What is required: Without any pictures, retype exactly the lines from the one with "this 1344×1512 image." through the final line of the records.

Entries provided:
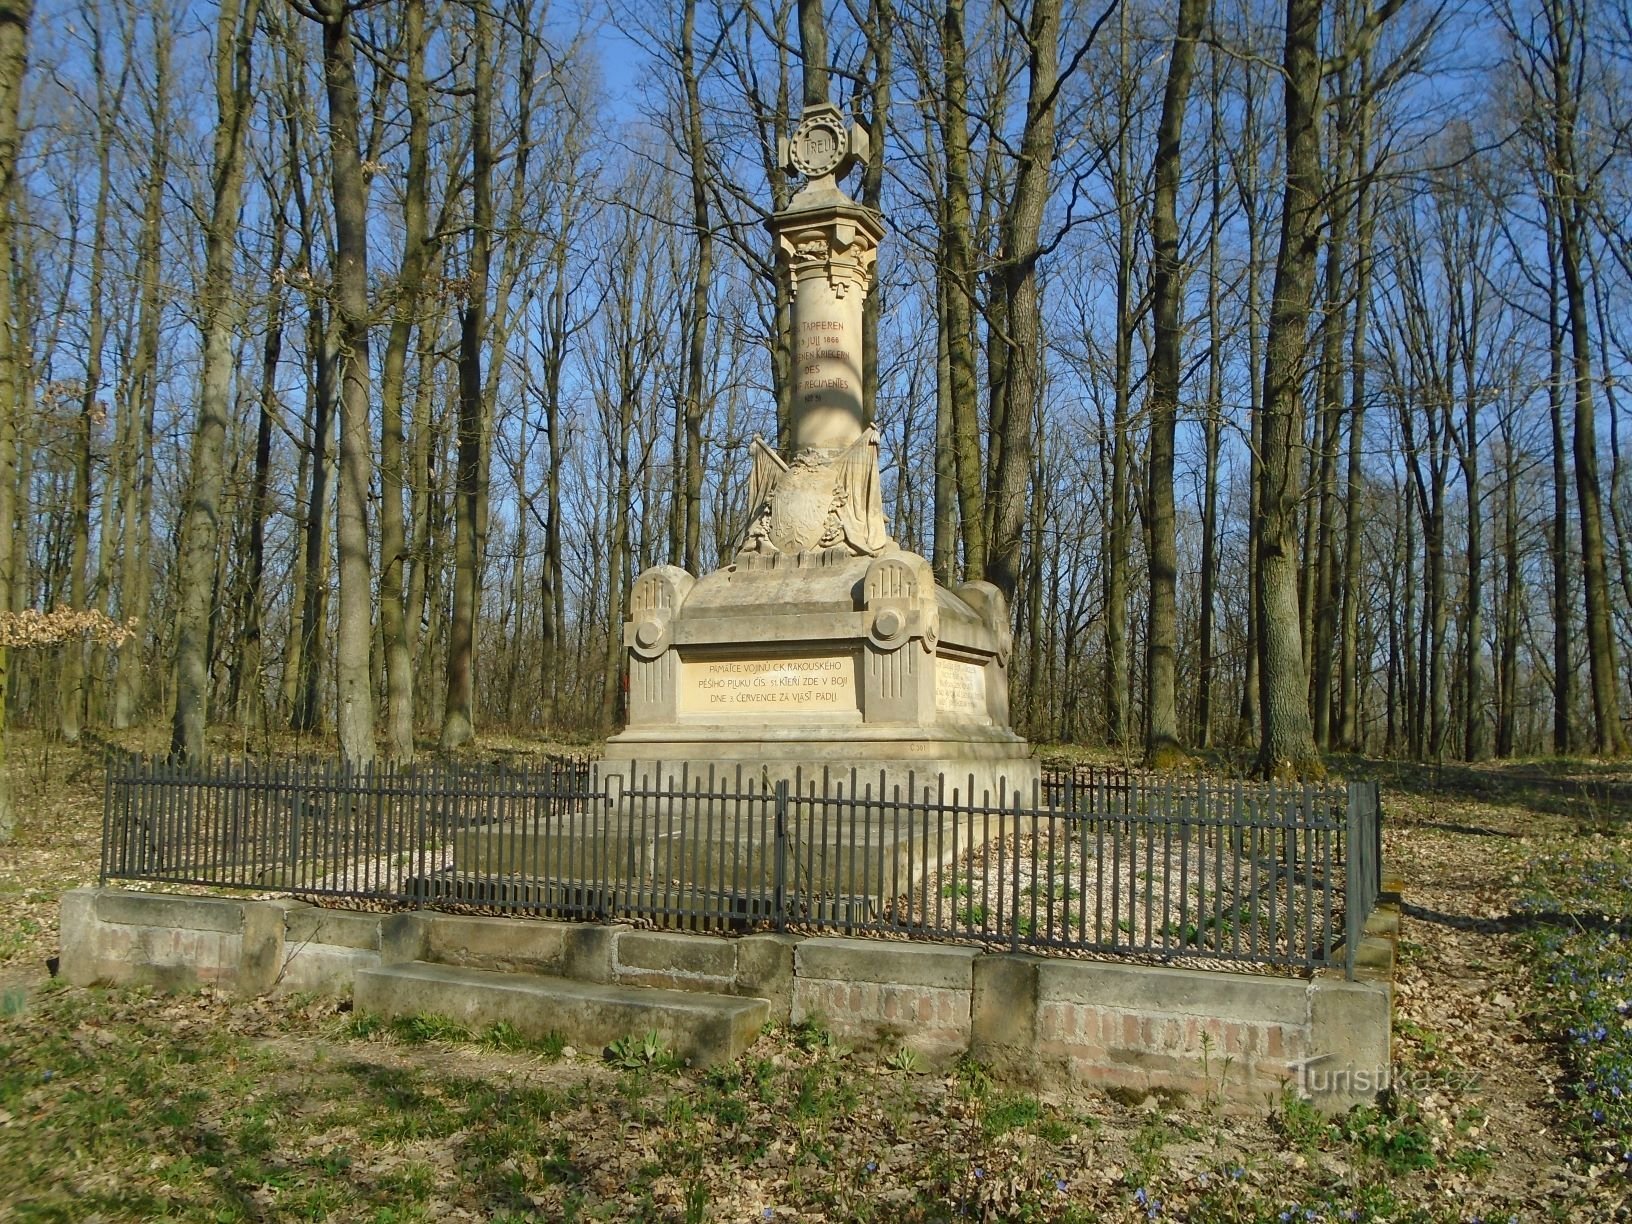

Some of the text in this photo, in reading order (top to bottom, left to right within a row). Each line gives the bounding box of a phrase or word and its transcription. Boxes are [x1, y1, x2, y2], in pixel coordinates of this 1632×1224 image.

[802, 321, 844, 331] TAPFEREN
[807, 336, 820, 348] JULI
[823, 336, 840, 344] 1866
[804, 364, 821, 374] DES
[727, 679, 751, 689] PLUKU
[803, 677, 819, 686] ZDE
[831, 676, 848, 687] BOJI
[710, 694, 727, 703] DNE
[736, 692, 776, 702] ČERVENCE
[779, 692, 789, 701] ZA
[792, 690, 812, 703] VLAST
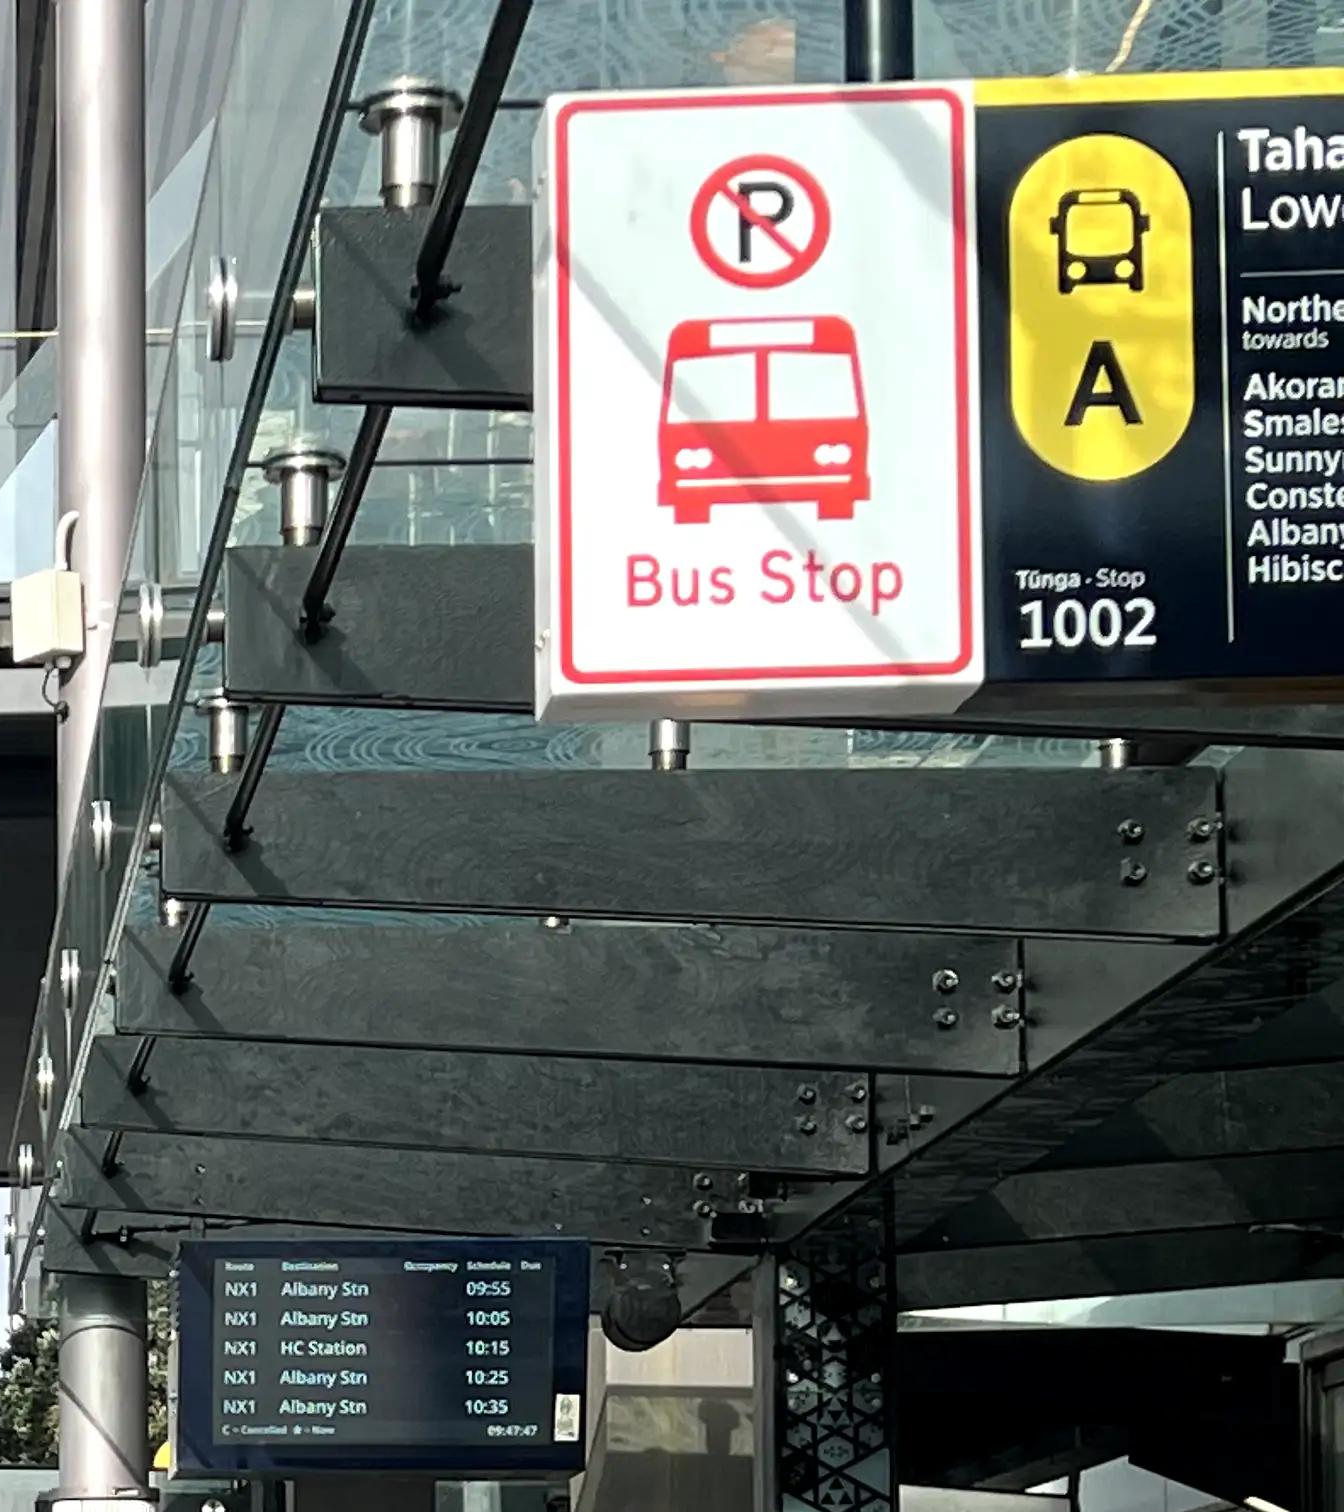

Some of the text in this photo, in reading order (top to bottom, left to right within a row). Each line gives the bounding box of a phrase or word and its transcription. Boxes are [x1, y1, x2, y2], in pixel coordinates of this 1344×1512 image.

[1237, 125, 1344, 173] Taha
[1241, 186, 1344, 231] Low
[1241, 327, 1329, 350] towards
[1062, 340, 1144, 427] A
[1243, 406, 1344, 438] Smale
[1244, 445, 1344, 477] Sunny
[1246, 517, 1344, 549] Alban
[626, 549, 904, 616] Bus Stop
[1095, 567, 1147, 590] Stop
[1247, 553, 1344, 584] Hibisc
[1019, 597, 1158, 649] 1002
[224, 1281, 511, 1300] NX1 Albany Stn 09:55
[224, 1311, 511, 1330] NX1 Albany Stn 10:05
[224, 1340, 510, 1356] NX1 HC Station 10:15
[223, 1370, 509, 1388] NX1 Albany Stn 10:25
[223, 1399, 509, 1418] NX1 Albany Stn 10:35
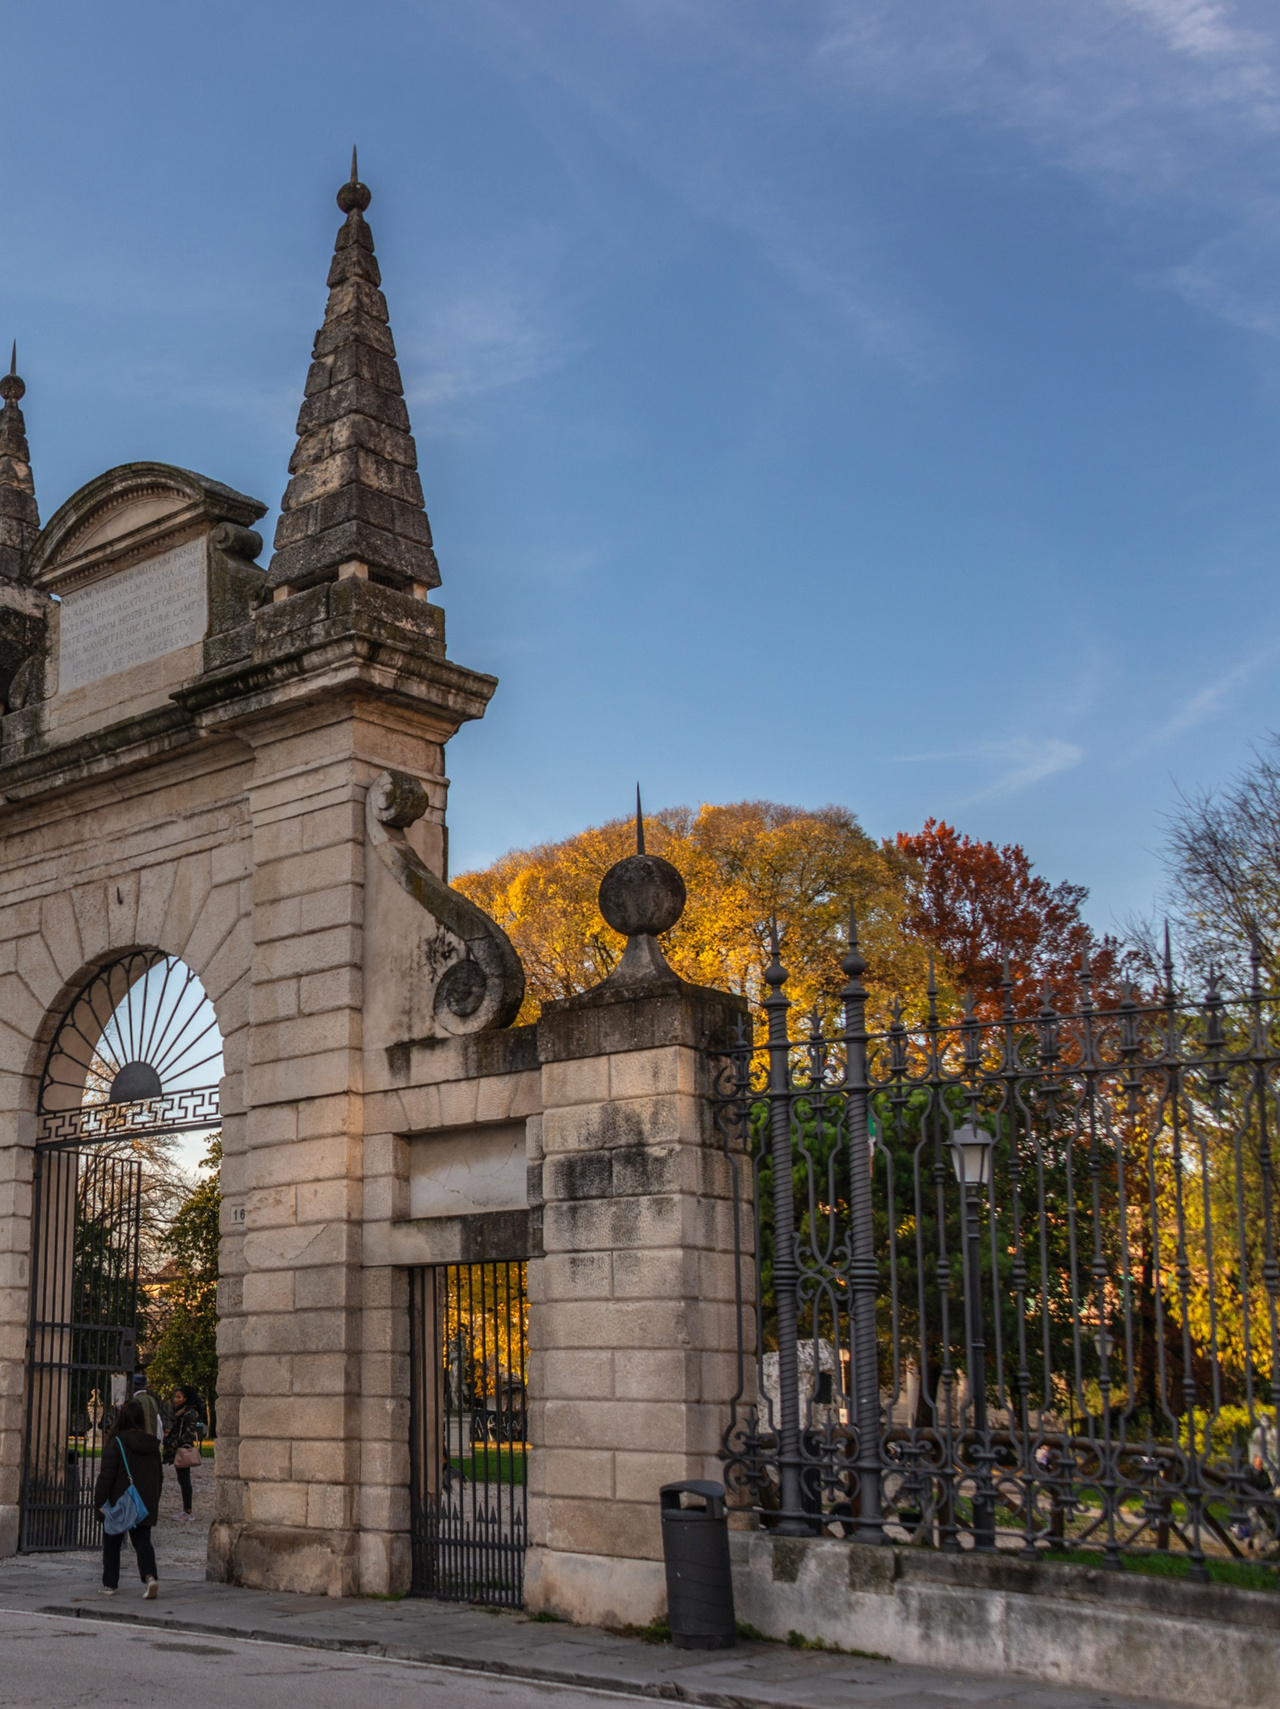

Answer box:
Some of the text in this photo, in reading order (top to bottom, left to right within a row). Each line gives the bounding box of a phrase or word and its transcription. Boxes are [x1, y1, x2, y2], in pixel coordinates of this 1344×1512 image.

[1237, 125, 1344, 173] Taha
[1241, 186, 1344, 231] Low
[1241, 327, 1329, 350] towards
[1062, 340, 1144, 427] A
[1243, 406, 1344, 438] Smale
[1244, 445, 1344, 477] Sunny
[1246, 517, 1344, 549] Alban
[626, 549, 904, 616] Bus Stop
[1095, 567, 1147, 590] Stop
[1247, 553, 1344, 584] Hibisc
[1019, 597, 1158, 649] 1002
[224, 1281, 511, 1300] NX1 Albany Stn 09:55
[224, 1311, 511, 1330] NX1 Albany Stn 10:05
[224, 1340, 510, 1356] NX1 HC Station 10:15
[223, 1370, 509, 1388] NX1 Albany Stn 10:25
[223, 1399, 509, 1418] NX1 Albany Stn 10:35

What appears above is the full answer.